Try it:
The answer should contain every entry below, copied exactly.

Extracted entries Block Start

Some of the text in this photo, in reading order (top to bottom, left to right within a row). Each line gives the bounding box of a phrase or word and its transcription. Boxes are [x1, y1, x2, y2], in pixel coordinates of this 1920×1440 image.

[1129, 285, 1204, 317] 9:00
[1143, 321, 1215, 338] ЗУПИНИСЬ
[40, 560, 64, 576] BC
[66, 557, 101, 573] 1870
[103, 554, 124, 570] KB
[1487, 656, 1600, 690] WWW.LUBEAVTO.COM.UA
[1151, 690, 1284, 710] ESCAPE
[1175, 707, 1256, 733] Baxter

Extracted entries Block End

Solution to this problem:
Some of the text in this photo, in reading order (top to bottom, left to right within a row). Each line gives the bounding box of a phrase or word and its transcription. Boxes are [x1, y1, x2, y2], in pixel coordinates of this 1920×1440 image.

[1129, 285, 1204, 317] 9:00
[1143, 321, 1215, 338] ЗУПИНИСЬ
[40, 560, 64, 576] BC
[66, 557, 101, 573] 1870
[103, 554, 124, 570] KB
[1487, 656, 1600, 690] WWW.LUBEAVTO.COM.UA
[1151, 690, 1284, 710] ESCAPE
[1175, 707, 1256, 733] Baxter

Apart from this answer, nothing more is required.